* _What you should do_: With pictures removed, output every record below exactly as written.

* _Images for object localization_:
————————

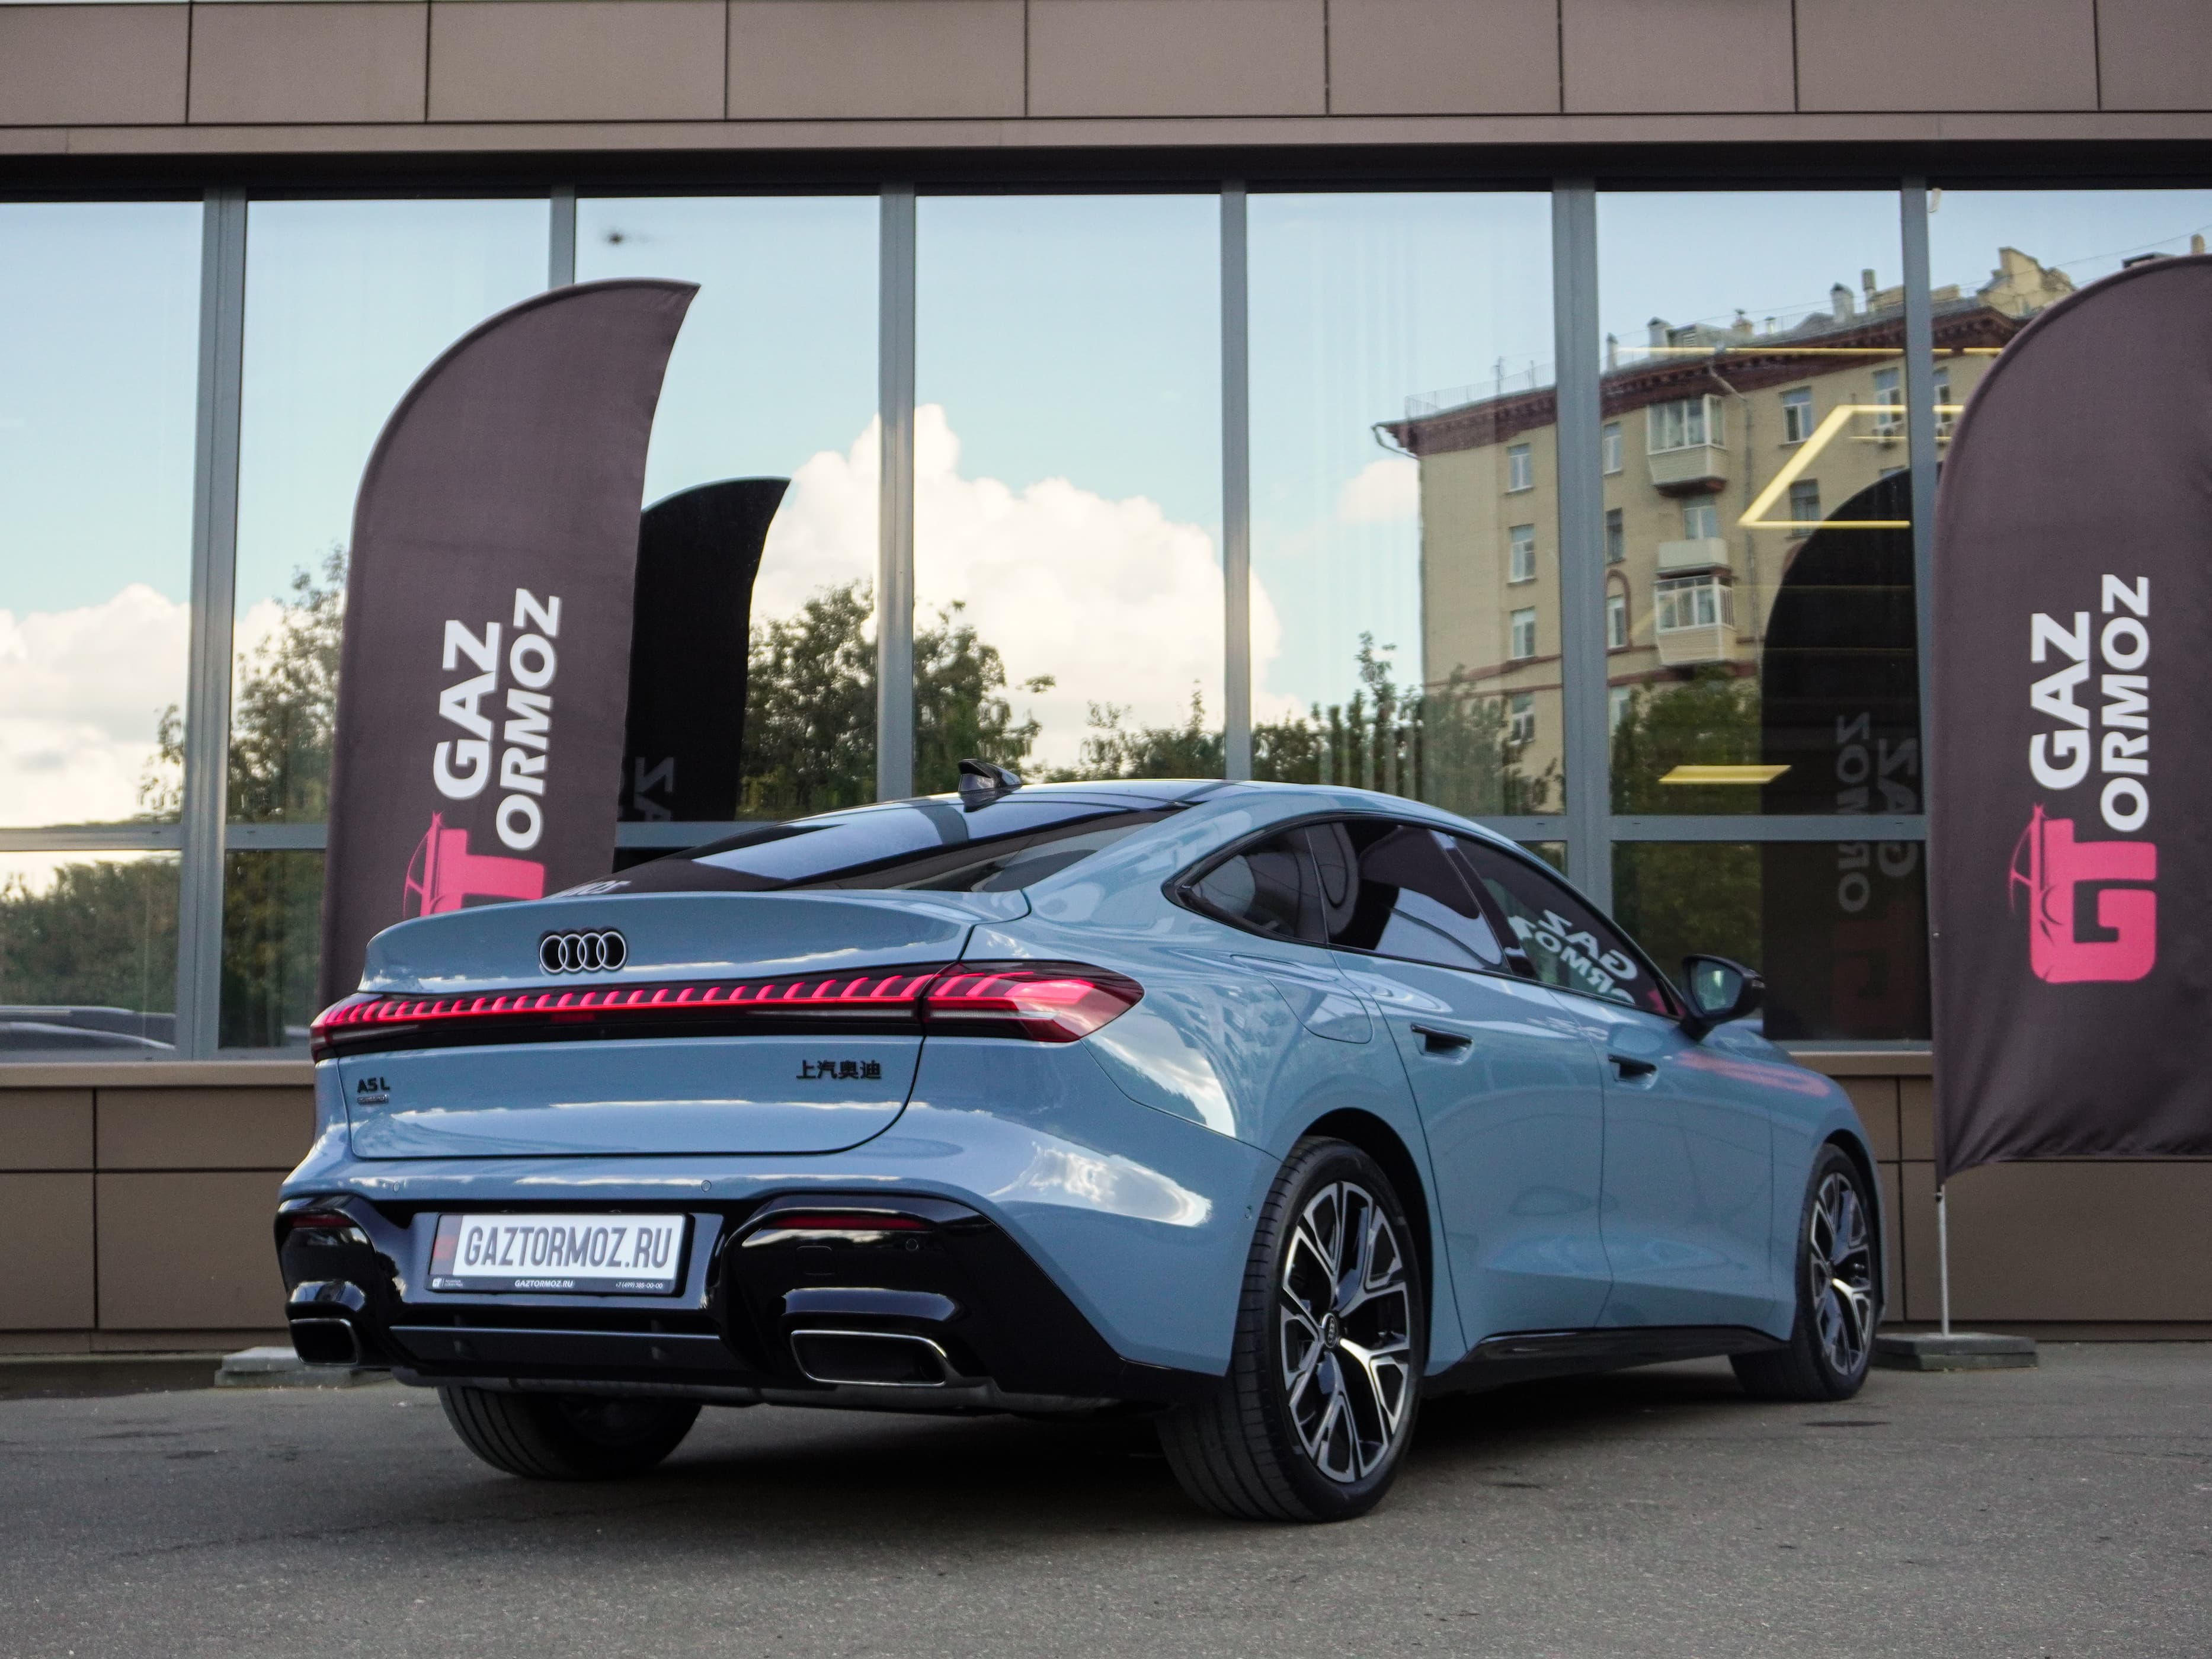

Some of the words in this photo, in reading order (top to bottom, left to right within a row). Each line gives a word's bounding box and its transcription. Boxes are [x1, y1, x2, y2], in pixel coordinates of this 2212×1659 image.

[433, 620, 502, 800] GAZ
[495, 588, 561, 850] ORMOZ
[2029, 611, 2091, 790] GAZ
[2101, 574, 2149, 832] ORMOZ
[796, 1059, 882, 1080] 上汽奥迪
[463, 1225, 673, 1269] GAZTORMOZ.RU
[514, 1279, 574, 1289] GAZTORMOZ.RU
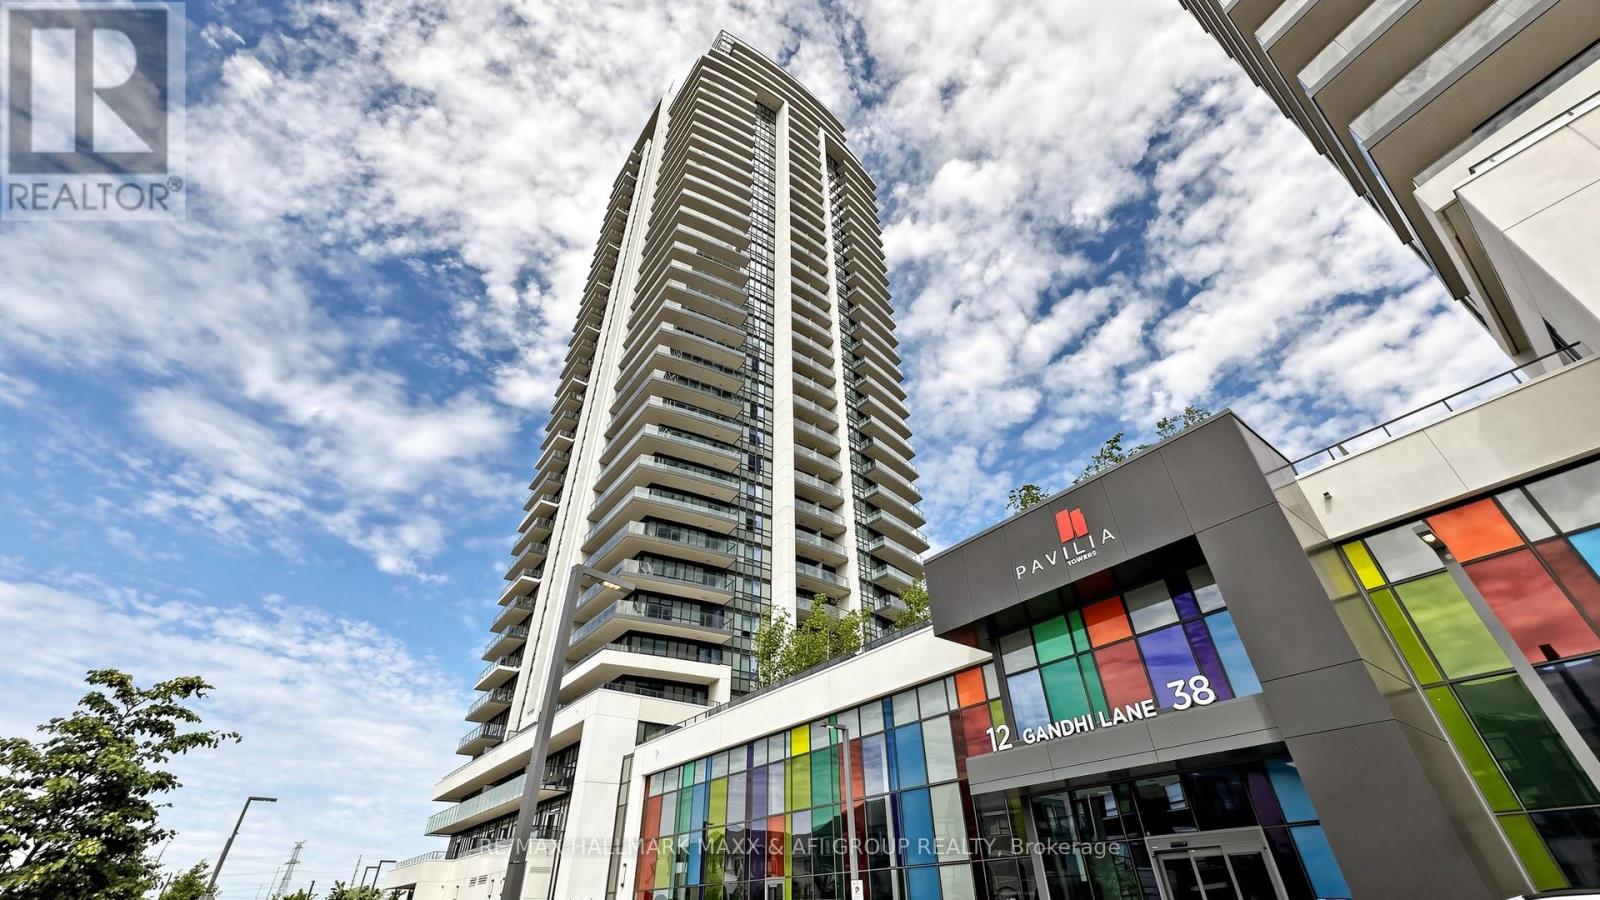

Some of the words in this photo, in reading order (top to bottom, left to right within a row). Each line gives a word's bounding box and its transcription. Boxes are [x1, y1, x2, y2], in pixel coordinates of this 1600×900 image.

[1015, 528, 1116, 580] PAVILIA
[1066, 550, 1097, 567] TOWERS
[985, 724, 1013, 753] 12
[1022, 714, 1095, 744] GANDHI
[1099, 698, 1157, 728] LANE
[1166, 674, 1216, 711] 38
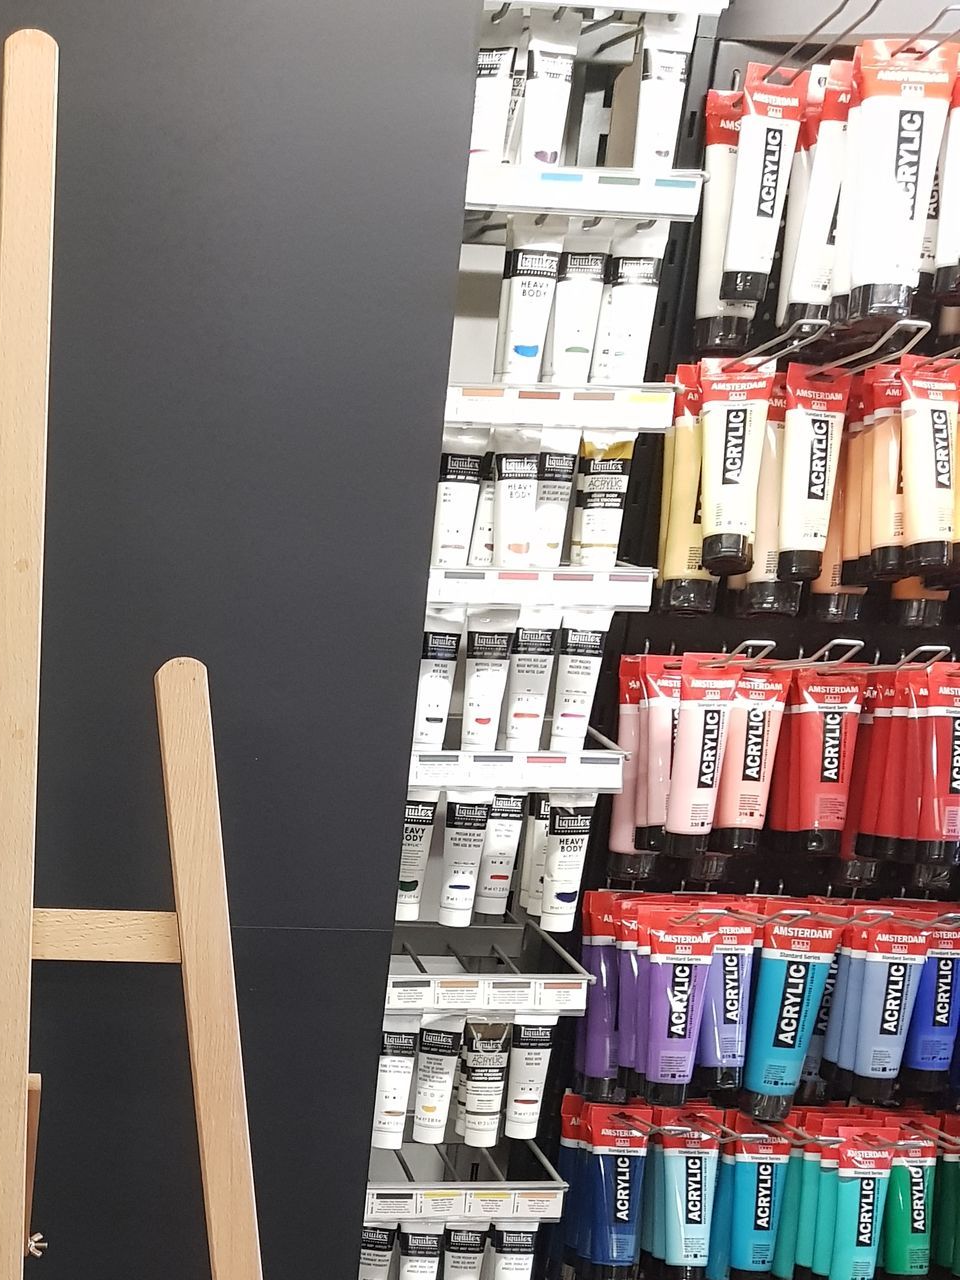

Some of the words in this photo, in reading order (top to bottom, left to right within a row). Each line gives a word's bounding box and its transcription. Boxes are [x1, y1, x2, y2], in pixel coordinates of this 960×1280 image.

[759, 130, 782, 214] ACRYLIC
[711, 381, 766, 391] AMSTERDAM
[796, 389, 843, 401] AMSTERDAM
[725, 411, 747, 483] ACRYLIC
[934, 410, 950, 486] ACRYLIC
[448, 456, 480, 469] Liquitex
[545, 454, 577, 469] Liquitex
[590, 459, 622, 472] Liquitex
[810, 420, 828, 498] ACRYLIC
[588, 480, 622, 489] ACRYLIC
[429, 634, 457, 648] Liquitex
[475, 633, 508, 648] Liquitex
[519, 628, 552, 643] Liquitex
[567, 630, 601, 644] Liquitex
[808, 686, 859, 694] AMSTERDAM
[701, 712, 720, 785] ACRYLIC
[746, 709, 765, 779] ACRYLIC
[824, 713, 841, 780] ACRYLIC
[492, 796, 522, 809] Liquitex
[455, 805, 488, 818] Liquitex
[555, 815, 591, 829] Liquitex
[659, 935, 711, 944] AMSTERDAM
[773, 926, 832, 939] AMSTERDAM
[876, 933, 926, 944] AMSTERDAM
[725, 955, 738, 1021] ACRYLIC
[935, 959, 952, 1024] ACRYLIC
[671, 965, 690, 1036] ACRYLIC
[778, 963, 806, 1044] ACRYLIC
[883, 964, 904, 1032] ACRYLIC
[384, 1033, 414, 1045] Liquitex
[422, 1031, 452, 1044] Liquitex
[520, 1027, 551, 1039] Liquitex
[472, 1056, 503, 1065] ACRYLIC
[847, 1150, 890, 1158] AMSTERDAM
[616, 1157, 630, 1221] ACRYLIC
[688, 1158, 701, 1222] ACRYLIC
[757, 1164, 772, 1228] ACRYLIC
[912, 1167, 925, 1231] ACRYLIC
[858, 1179, 874, 1244] ACRYLIC
[408, 1235, 439, 1247] Liquitex
[451, 1230, 480, 1243] Liquitex
[503, 1231, 532, 1244] Liquitex

————————

* _Output of the task_:
Some of the words in this photo, in reading order (top to bottom, left to right within a row). Each line gives a word's bounding box and its transcription. Boxes are [x1, y1, x2, y2], in pixel coordinates of this 2212×1659 image.

[433, 620, 502, 800] GAZ
[495, 588, 561, 850] ORMOZ
[2029, 611, 2091, 790] GAZ
[2101, 574, 2149, 832] ORMOZ
[796, 1059, 882, 1080] 上汽奥迪
[463, 1225, 673, 1269] GAZTORMOZ.RU
[514, 1279, 574, 1289] GAZTORMOZ.RU

Some of the words in this photo, in reading order (top to bottom, left to right within a row). Each line gives a word's bounding box and its transcription. Boxes are [x1, y1, x2, y2], in pixel coordinates of this 1600×900 image.

[1015, 528, 1116, 580] PAVILIA
[1066, 550, 1097, 567] TOWERS
[985, 724, 1013, 753] 12
[1022, 714, 1095, 744] GANDHI
[1099, 698, 1157, 728] LANE
[1166, 674, 1216, 711] 38

Some of the words in this photo, in reading order (top to bottom, left to right within a row). Each line gives a word's bounding box and its transcription. Boxes are [x1, y1, x2, y2], in pixel coordinates of this 960×1280 image.

[759, 130, 782, 214] ACRYLIC
[711, 381, 766, 391] AMSTERDAM
[796, 389, 843, 401] AMSTERDAM
[725, 411, 747, 483] ACRYLIC
[934, 410, 950, 486] ACRYLIC
[448, 456, 480, 469] Liquitex
[545, 454, 577, 469] Liquitex
[590, 459, 622, 472] Liquitex
[810, 420, 828, 498] ACRYLIC
[588, 480, 622, 489] ACRYLIC
[429, 634, 457, 648] Liquitex
[475, 633, 508, 648] Liquitex
[519, 628, 552, 643] Liquitex
[567, 630, 601, 644] Liquitex
[808, 686, 859, 694] AMSTERDAM
[701, 712, 720, 785] ACRYLIC
[746, 709, 765, 779] ACRYLIC
[824, 713, 841, 780] ACRYLIC
[492, 796, 522, 809] Liquitex
[455, 805, 488, 818] Liquitex
[555, 815, 591, 829] Liquitex
[659, 935, 711, 944] AMSTERDAM
[773, 926, 832, 939] AMSTERDAM
[876, 933, 926, 944] AMSTERDAM
[725, 955, 738, 1021] ACRYLIC
[935, 959, 952, 1024] ACRYLIC
[671, 965, 690, 1036] ACRYLIC
[778, 963, 806, 1044] ACRYLIC
[883, 964, 904, 1032] ACRYLIC
[384, 1033, 414, 1045] Liquitex
[422, 1031, 452, 1044] Liquitex
[520, 1027, 551, 1039] Liquitex
[472, 1056, 503, 1065] ACRYLIC
[847, 1150, 890, 1158] AMSTERDAM
[616, 1157, 630, 1221] ACRYLIC
[688, 1158, 701, 1222] ACRYLIC
[757, 1164, 772, 1228] ACRYLIC
[912, 1167, 925, 1231] ACRYLIC
[858, 1179, 874, 1244] ACRYLIC
[408, 1235, 439, 1247] Liquitex
[451, 1230, 480, 1243] Liquitex
[503, 1231, 532, 1244] Liquitex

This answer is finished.